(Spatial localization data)
----------------

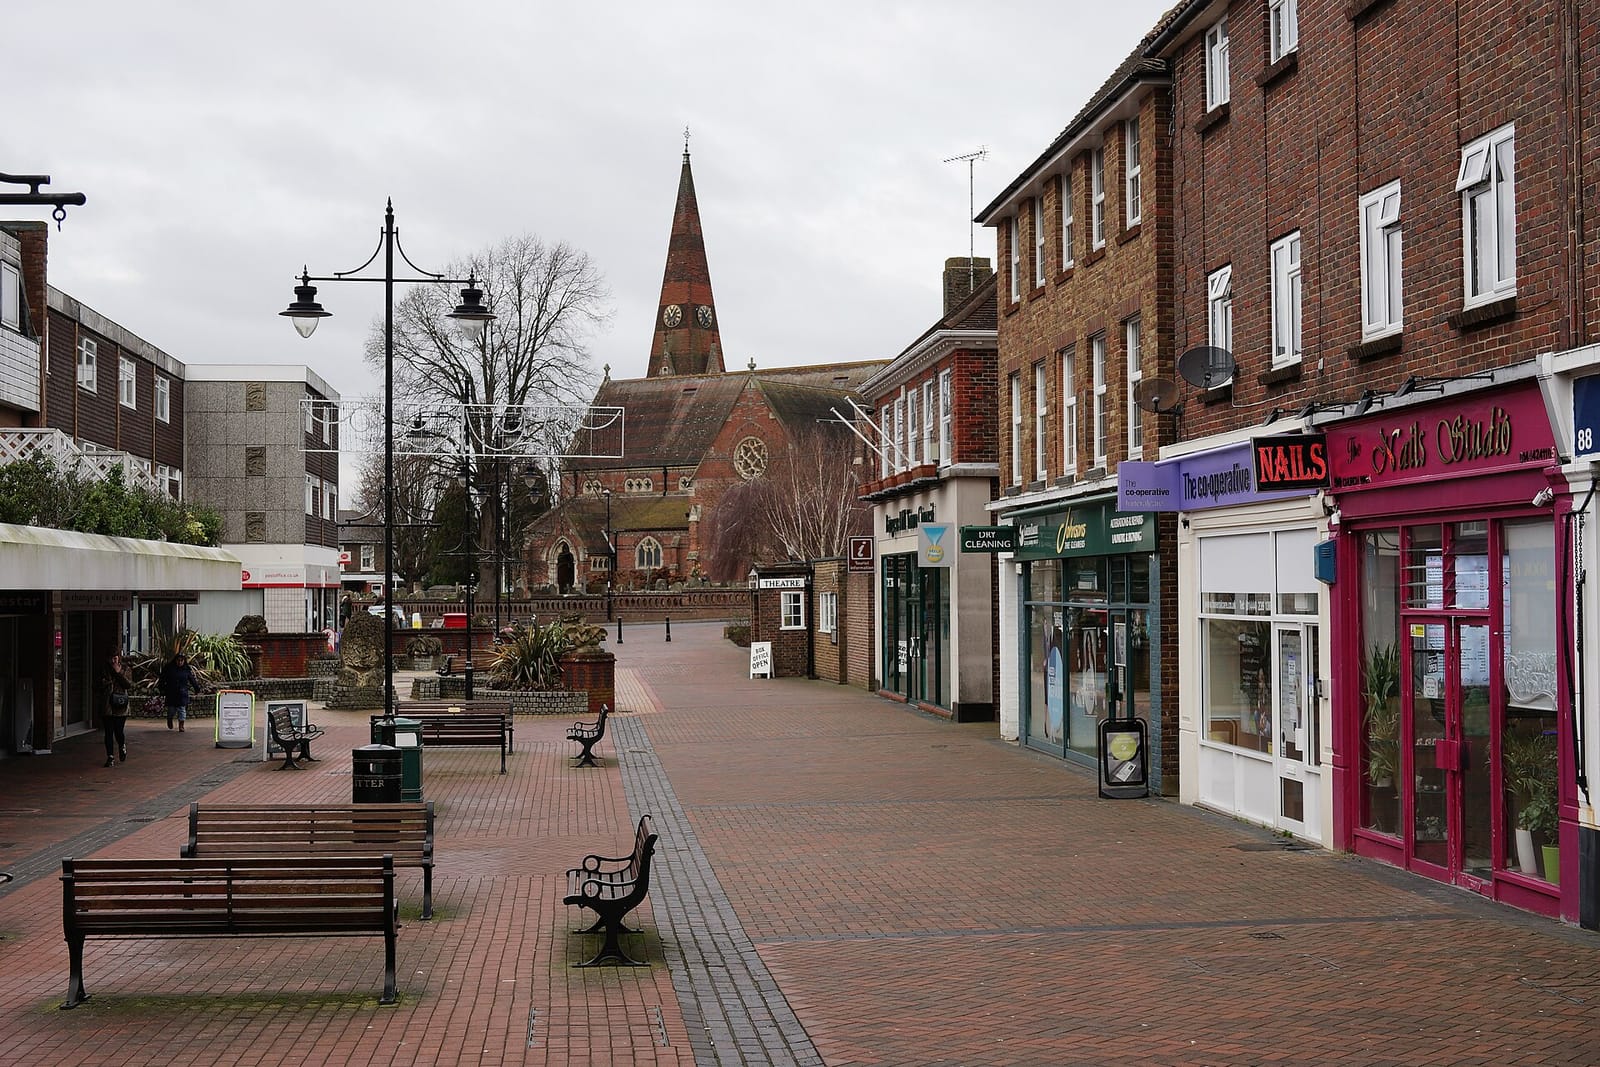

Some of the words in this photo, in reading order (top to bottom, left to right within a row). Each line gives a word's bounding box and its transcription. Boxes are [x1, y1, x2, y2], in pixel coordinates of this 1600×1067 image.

[1372, 421, 1427, 475] Nails
[1436, 407, 1512, 464] Studio
[1577, 428, 1593, 450] 88
[1258, 444, 1327, 483] NAILS
[1125, 479, 1136, 488] The
[1183, 472, 1197, 500] The
[1197, 463, 1250, 503] co-operative
[1125, 488, 1170, 497] co-operative
[1056, 506, 1087, 554] Johnsons
[978, 531, 996, 539] DRY
[965, 539, 1011, 549] CLEANING
[764, 579, 801, 587] THEATRE
[755, 646, 766, 654] BOX
[752, 653, 769, 662] OFFICE
[752, 660, 769, 669] OPEN
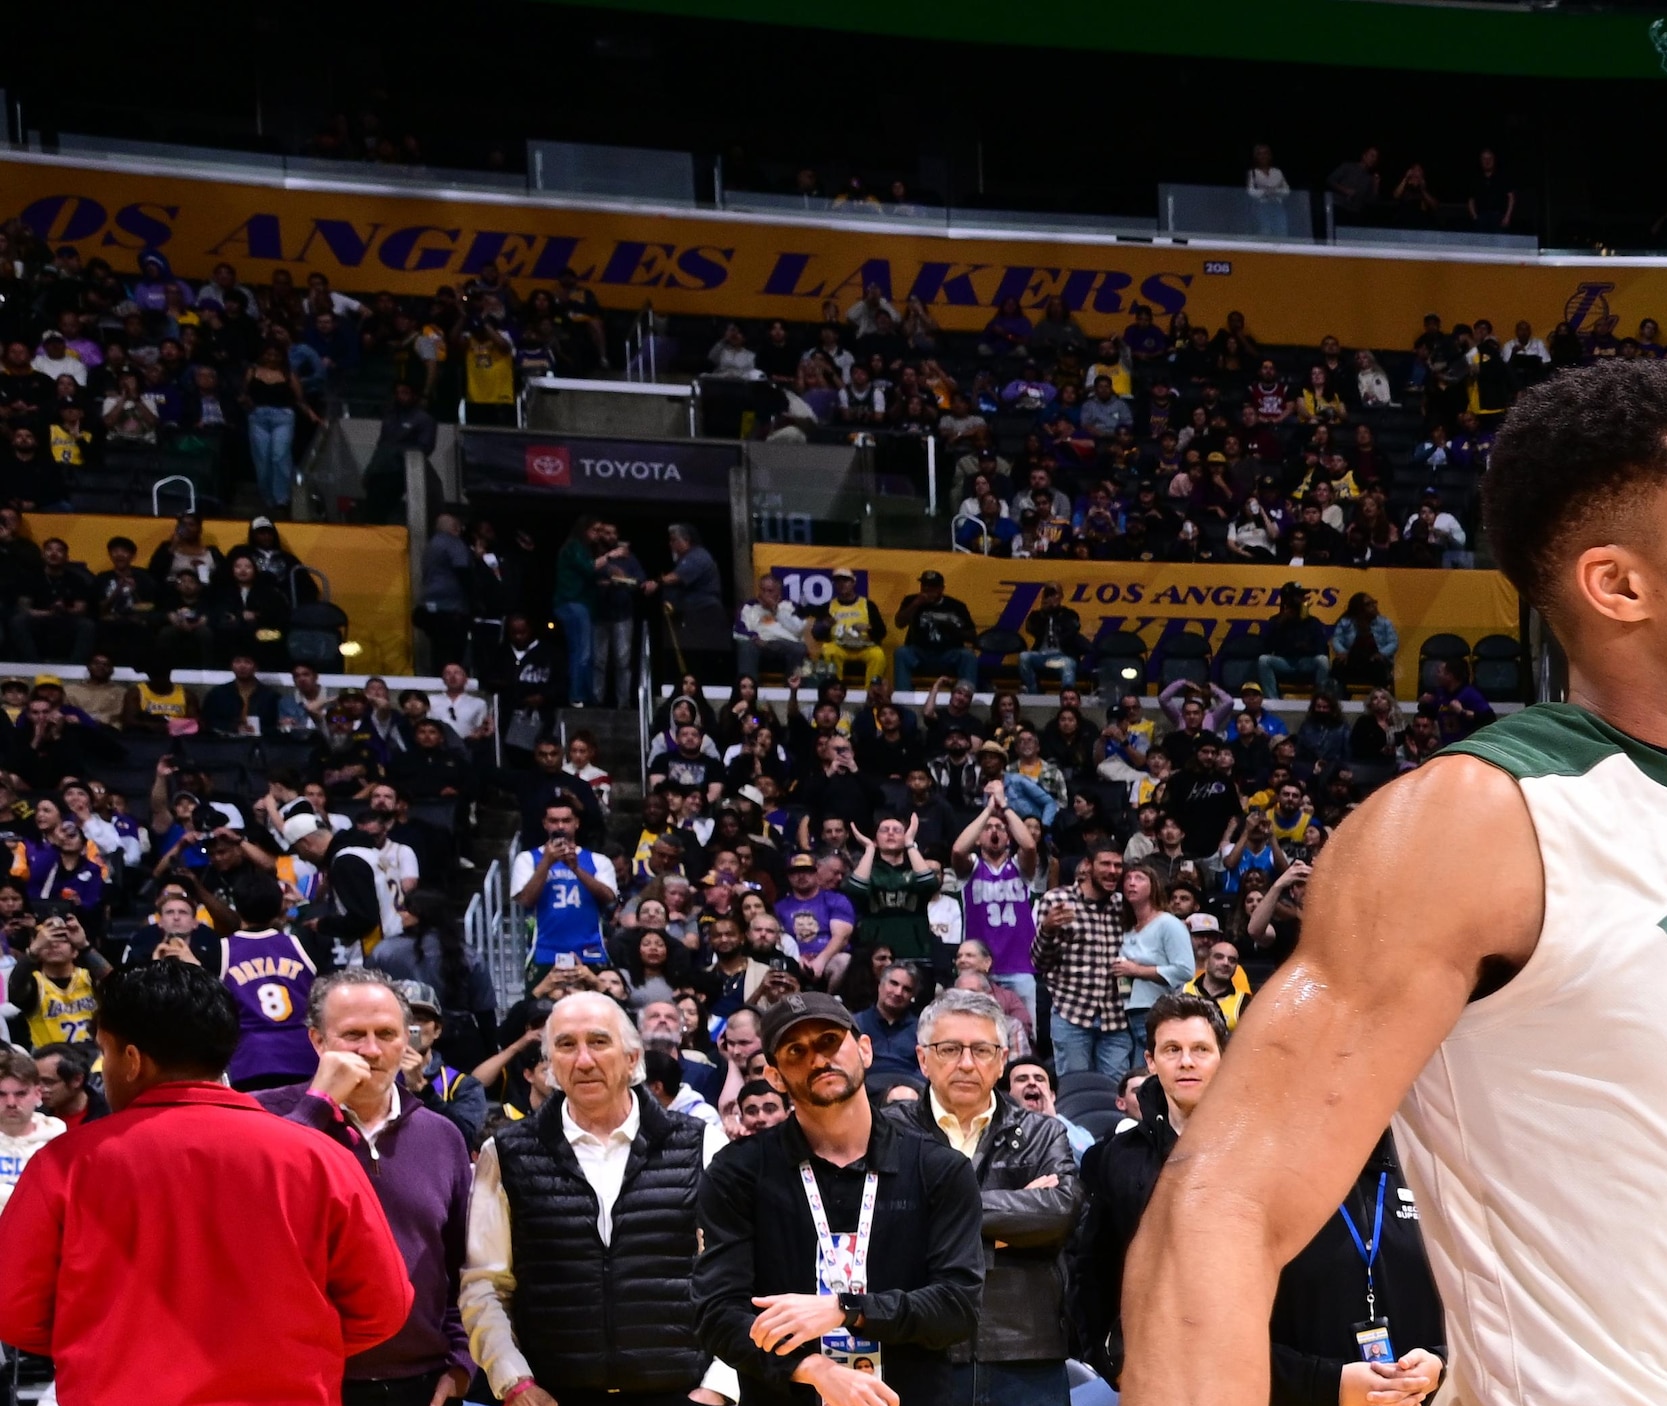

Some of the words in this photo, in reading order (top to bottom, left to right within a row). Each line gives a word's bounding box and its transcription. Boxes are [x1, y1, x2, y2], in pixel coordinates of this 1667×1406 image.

[208, 213, 734, 290] ANGELES
[763, 252, 1194, 317] LAKERS
[580, 458, 681, 482] TOYOTA
[772, 573, 830, 606] 10
[1071, 584, 1147, 604] LOS
[552, 884, 582, 910] 34
[971, 876, 1027, 906] BUCKS
[986, 902, 1017, 928] 34
[228, 956, 305, 986] BRYANT
[256, 983, 294, 1022] 8
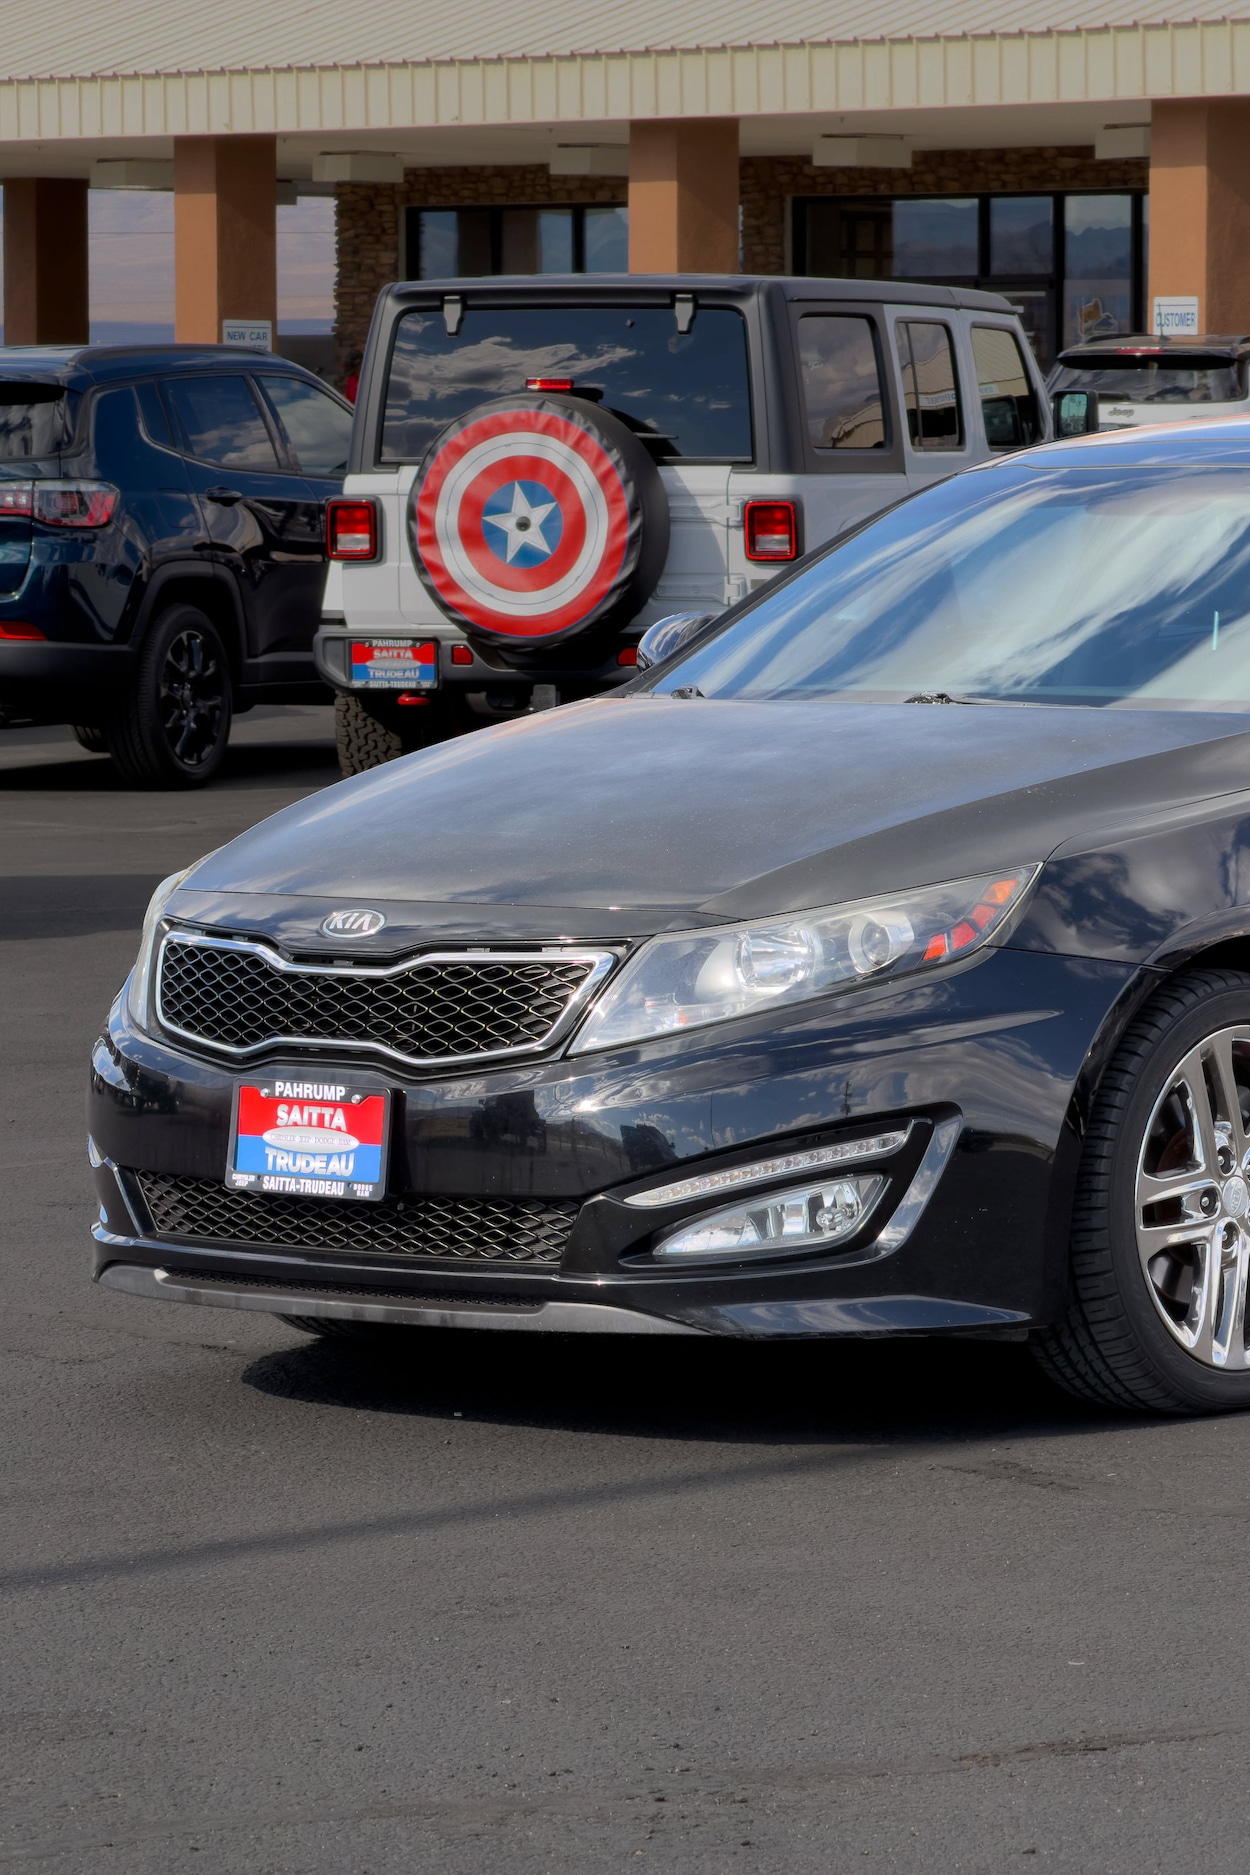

----------------

WHAT YOU NEED TO DO: Repeat the records above verbatim, dropping the pictures.

TASK ANSWER:
Some of the words in this photo, in reading order (top to bottom, left to right within a row). Each line gives a word's bounding box and its transcription. Boxes are [x1, y1, x2, y2], in pixel coordinates of this 1600×1067 image.

[1372, 421, 1427, 475] Nails
[1436, 407, 1512, 464] Studio
[1577, 428, 1593, 450] 88
[1258, 444, 1327, 483] NAILS
[1125, 479, 1136, 488] The
[1183, 472, 1197, 500] The
[1197, 463, 1250, 503] co-operative
[1125, 488, 1170, 497] co-operative
[1056, 506, 1087, 554] Johnsons
[978, 531, 996, 539] DRY
[965, 539, 1011, 549] CLEANING
[764, 579, 801, 587] THEATRE
[755, 646, 766, 654] BOX
[752, 653, 769, 662] OFFICE
[752, 660, 769, 669] OPEN

Some of the words in this photo, in reading order (top to bottom, left to right within a row). Each line gives a word's bounding box and its transcription. Boxes are [x1, y1, x2, y2], in pixel coordinates of this 1667×1406 image.

[208, 213, 734, 290] ANGELES
[763, 252, 1194, 317] LAKERS
[580, 458, 681, 482] TOYOTA
[772, 573, 830, 606] 10
[1071, 584, 1147, 604] LOS
[552, 884, 582, 910] 34
[971, 876, 1027, 906] BUCKS
[986, 902, 1017, 928] 34
[228, 956, 305, 986] BRYANT
[256, 983, 294, 1022] 8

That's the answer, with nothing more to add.